AVAILABLE DATA:
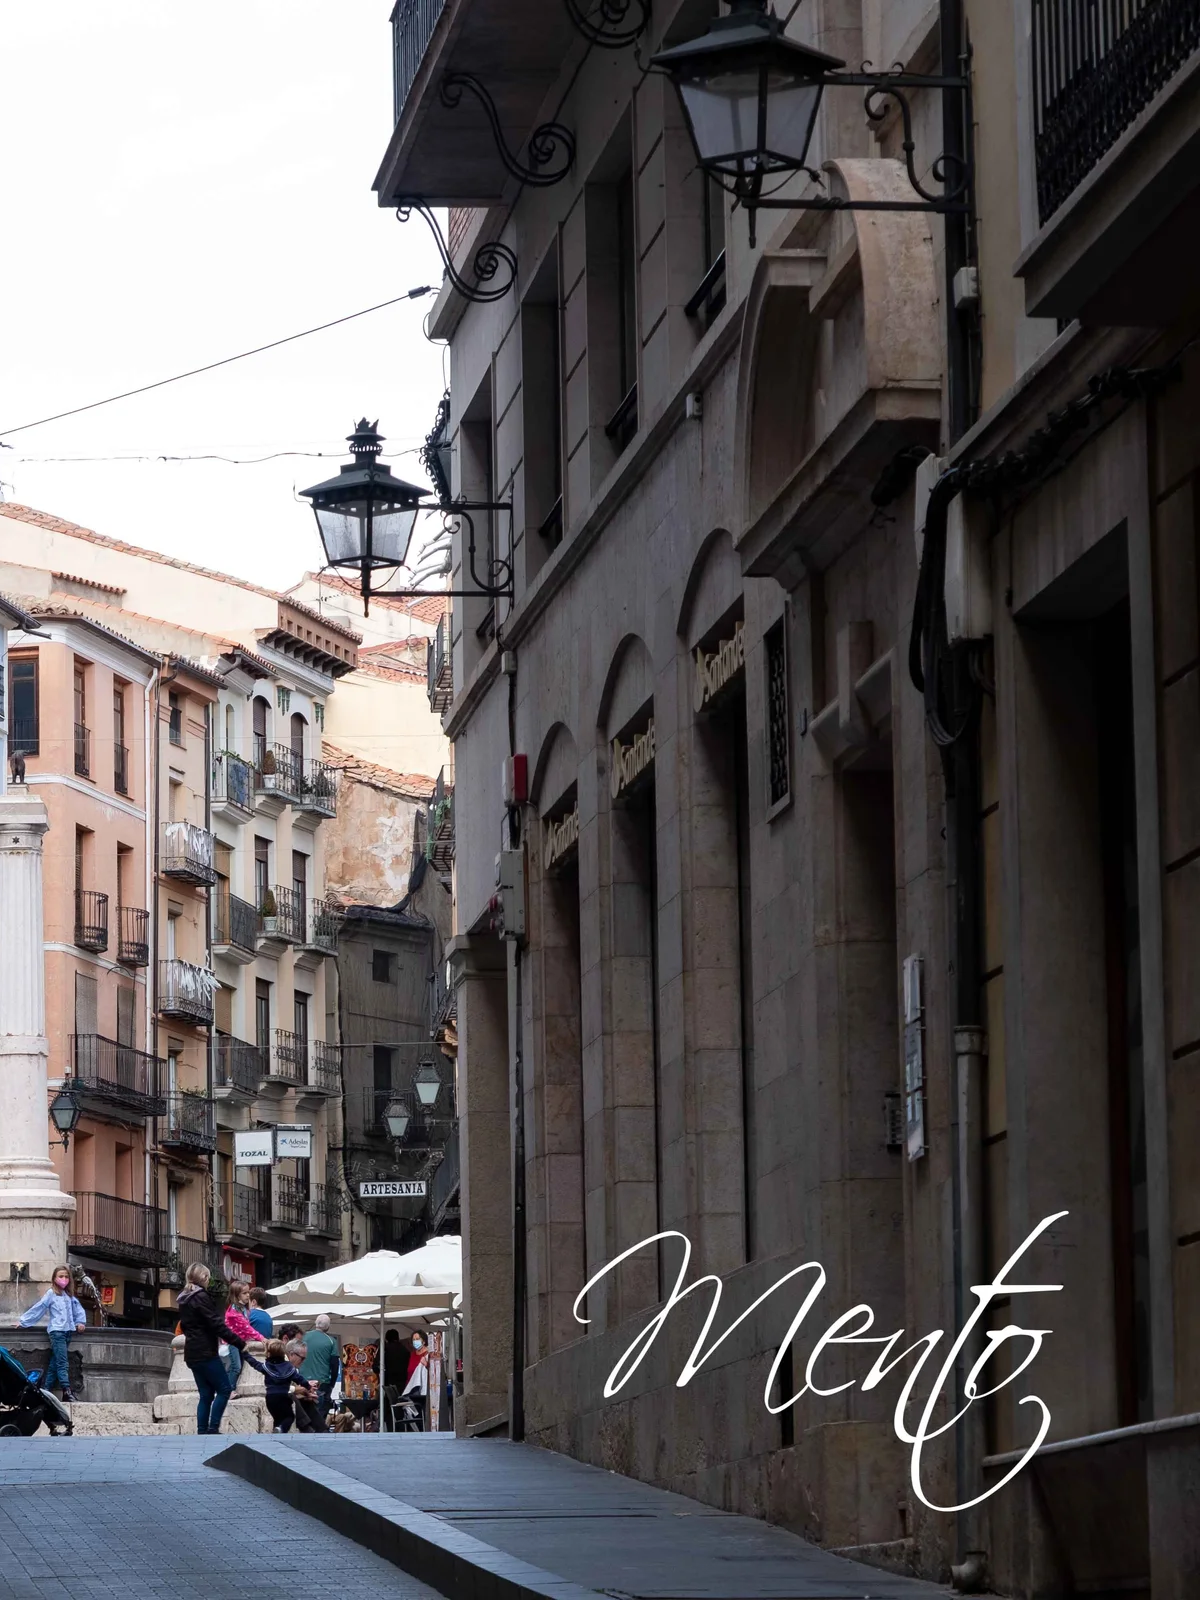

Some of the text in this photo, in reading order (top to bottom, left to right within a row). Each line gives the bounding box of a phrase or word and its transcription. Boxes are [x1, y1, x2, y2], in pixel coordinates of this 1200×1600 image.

[704, 620, 745, 703] Santande
[621, 717, 656, 791] Santande
[239, 1150, 268, 1158] TOZAL
[363, 1183, 424, 1194] ARTESANIA
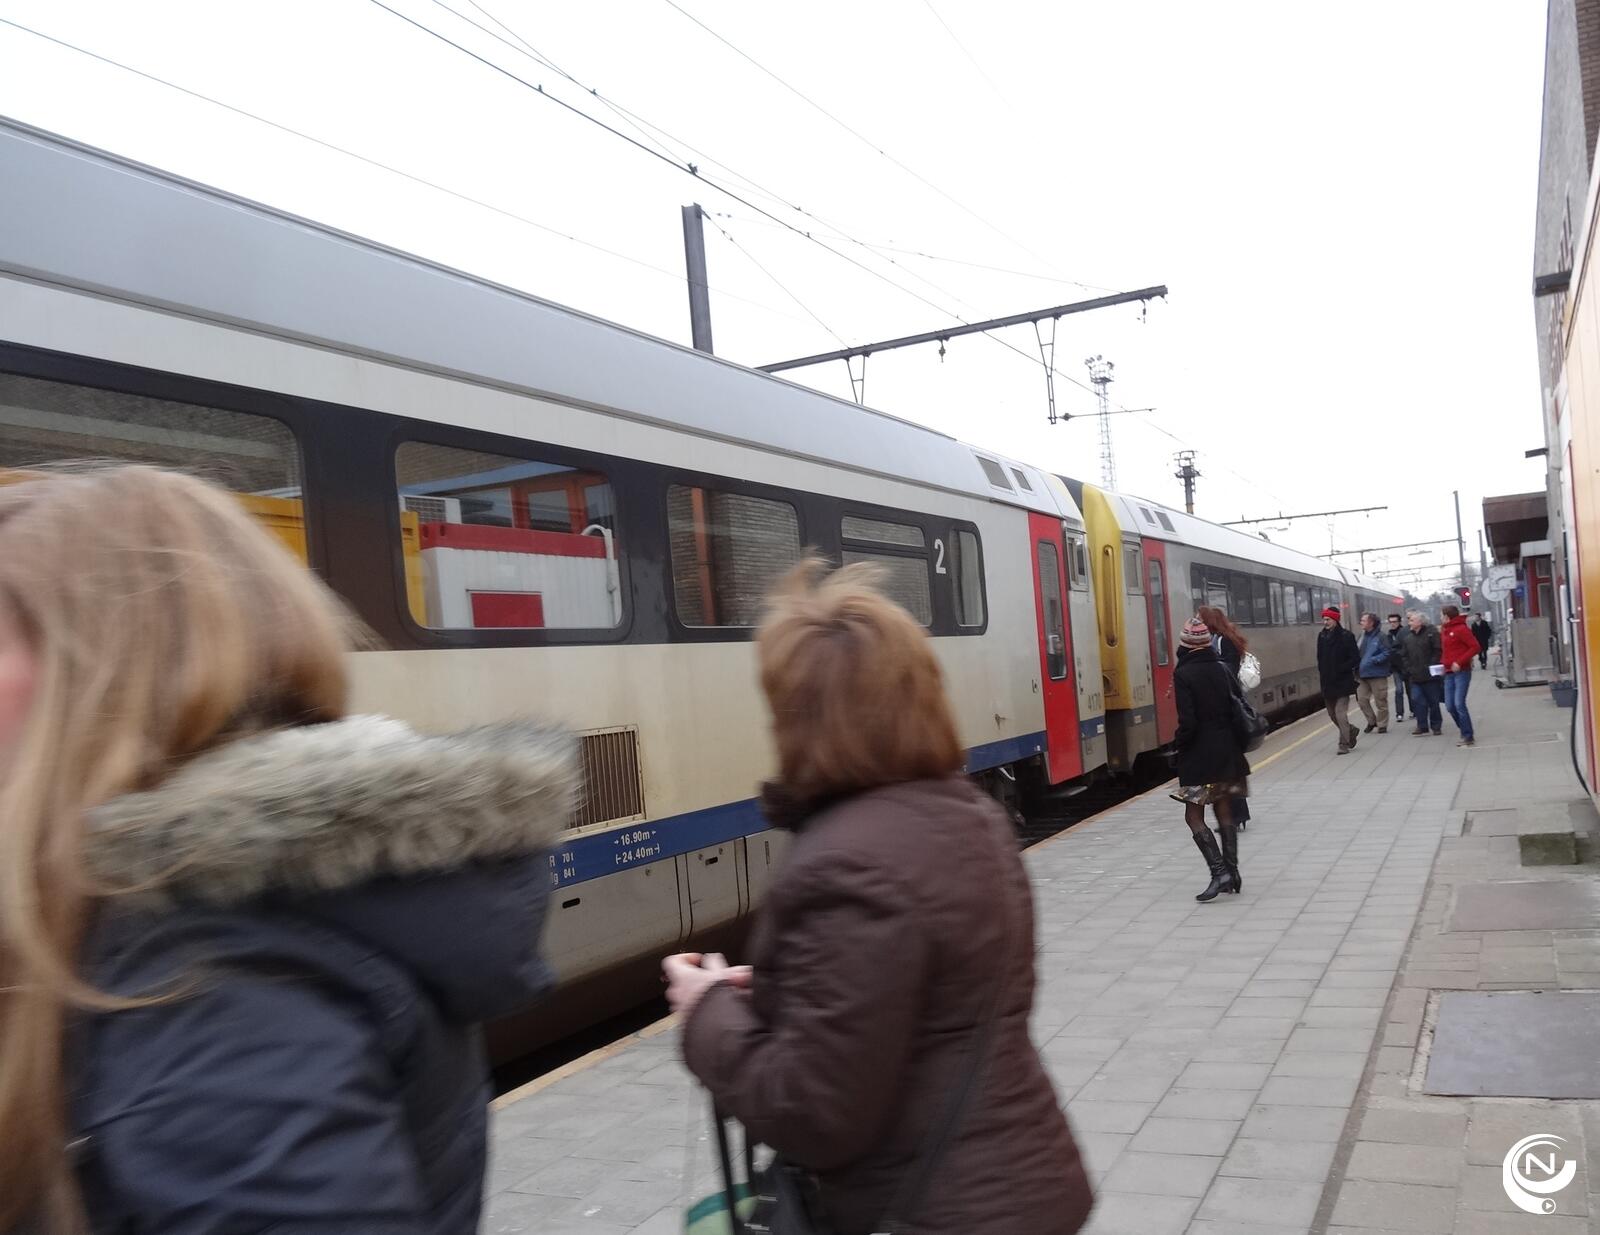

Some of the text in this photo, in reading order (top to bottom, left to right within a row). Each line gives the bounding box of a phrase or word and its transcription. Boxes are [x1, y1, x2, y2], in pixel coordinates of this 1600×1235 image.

[934, 538, 947, 575] 2
[620, 831, 651, 847] 16.90m
[622, 846, 654, 864] 24.40m
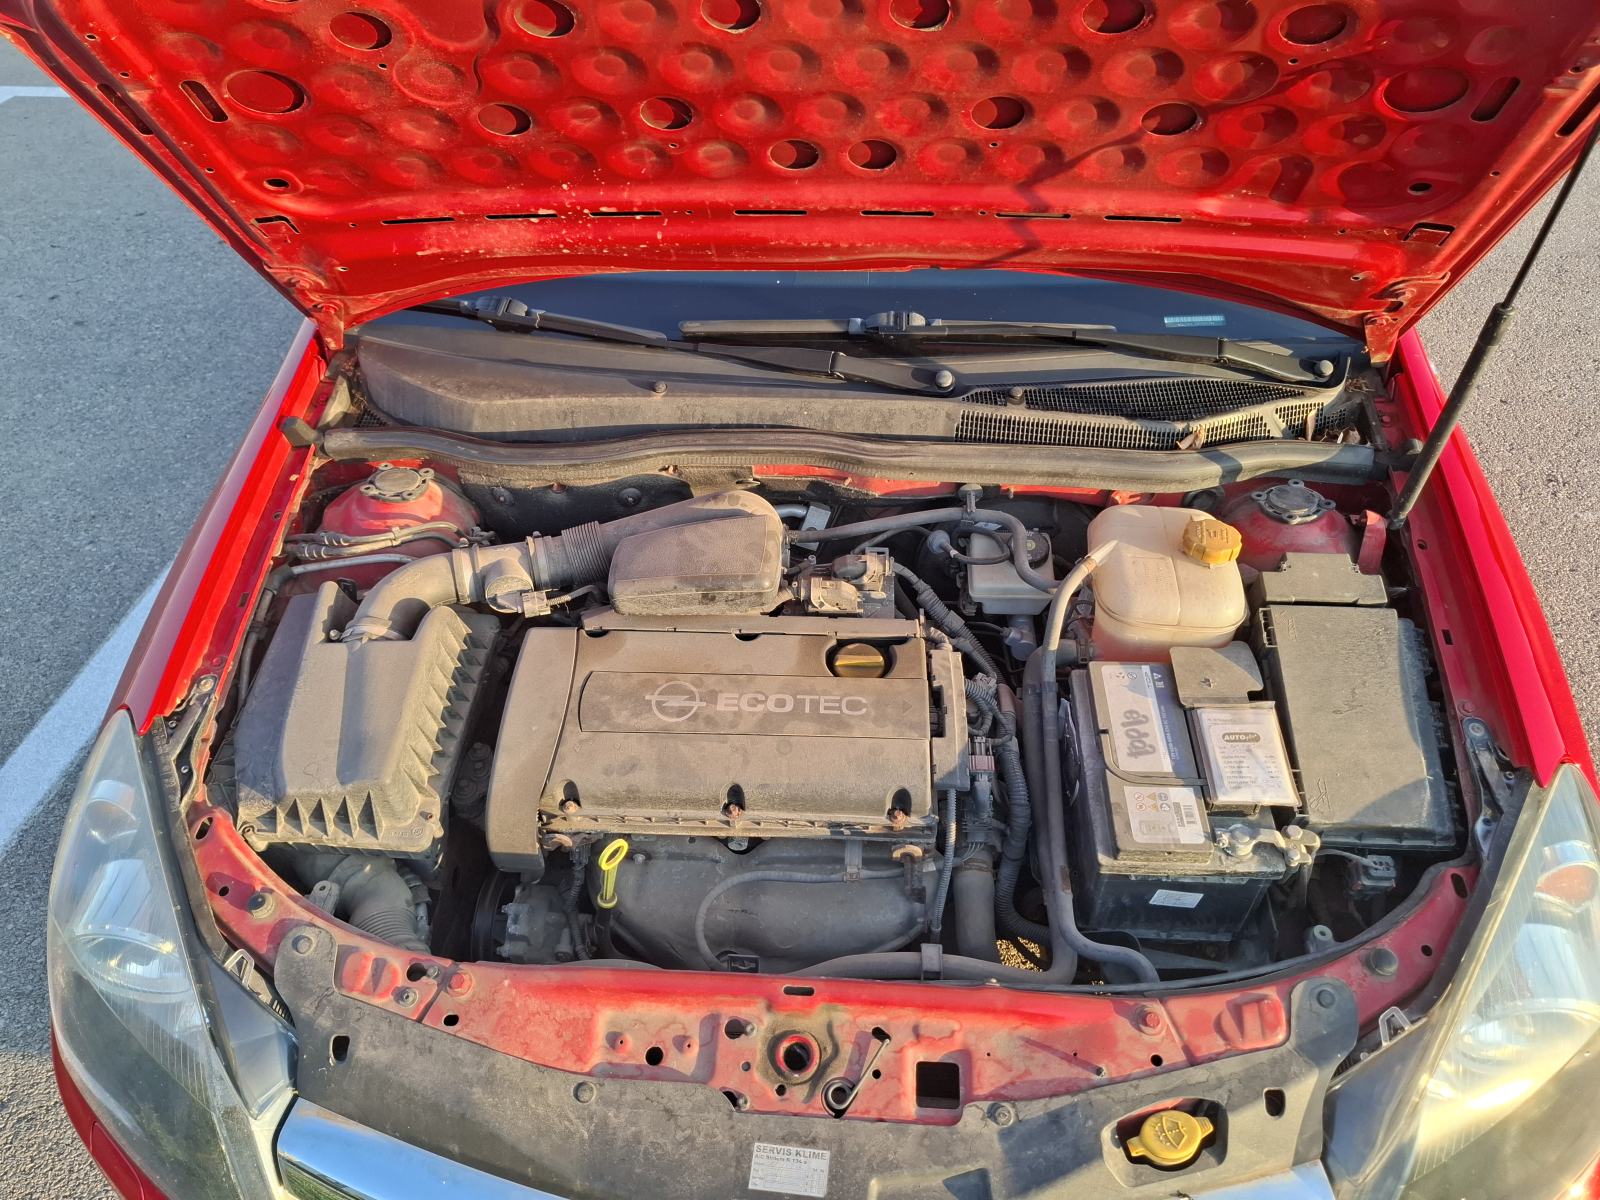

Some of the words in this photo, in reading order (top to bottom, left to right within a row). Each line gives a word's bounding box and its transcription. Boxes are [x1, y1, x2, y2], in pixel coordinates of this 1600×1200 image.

[716, 692, 868, 716] ECOTEC
[1120, 709, 1156, 759] topla
[755, 1144, 792, 1156] SERVIS
[795, 1149, 828, 1160] KLIME

AIM OF THE TASK:
The data above must be given back verbatim, minus its images.

REPLY TO THE EXERCISE:
Some of the text in this photo, in reading order (top to bottom, left to right within a row). Each line gives the bounding box of a phrase or word and its transcription. Boxes are [x1, y1, x2, y2], in pixel coordinates of this 1200×1600 image.

[704, 620, 745, 703] Santande
[621, 717, 656, 791] Santande
[239, 1150, 268, 1158] TOZAL
[363, 1183, 424, 1194] ARTESANIA

Some of the text in this photo, in reading order (top to bottom, left to right within a row). Each line gives the bounding box of a phrase or word and its transcription. Boxes are [x1, y1, x2, y2], in pixel coordinates of this 1600×1235 image.

[934, 538, 947, 575] 2
[620, 831, 651, 847] 16.90m
[622, 846, 654, 864] 24.40m

Some of the words in this photo, in reading order (top to bottom, left to right within a row). Each line gives a word's bounding box and its transcription. Boxes are [x1, y1, x2, y2], in pixel coordinates of this 1600×1200 image.

[716, 692, 868, 716] ECOTEC
[1120, 709, 1156, 759] topla
[755, 1144, 792, 1156] SERVIS
[795, 1149, 828, 1160] KLIME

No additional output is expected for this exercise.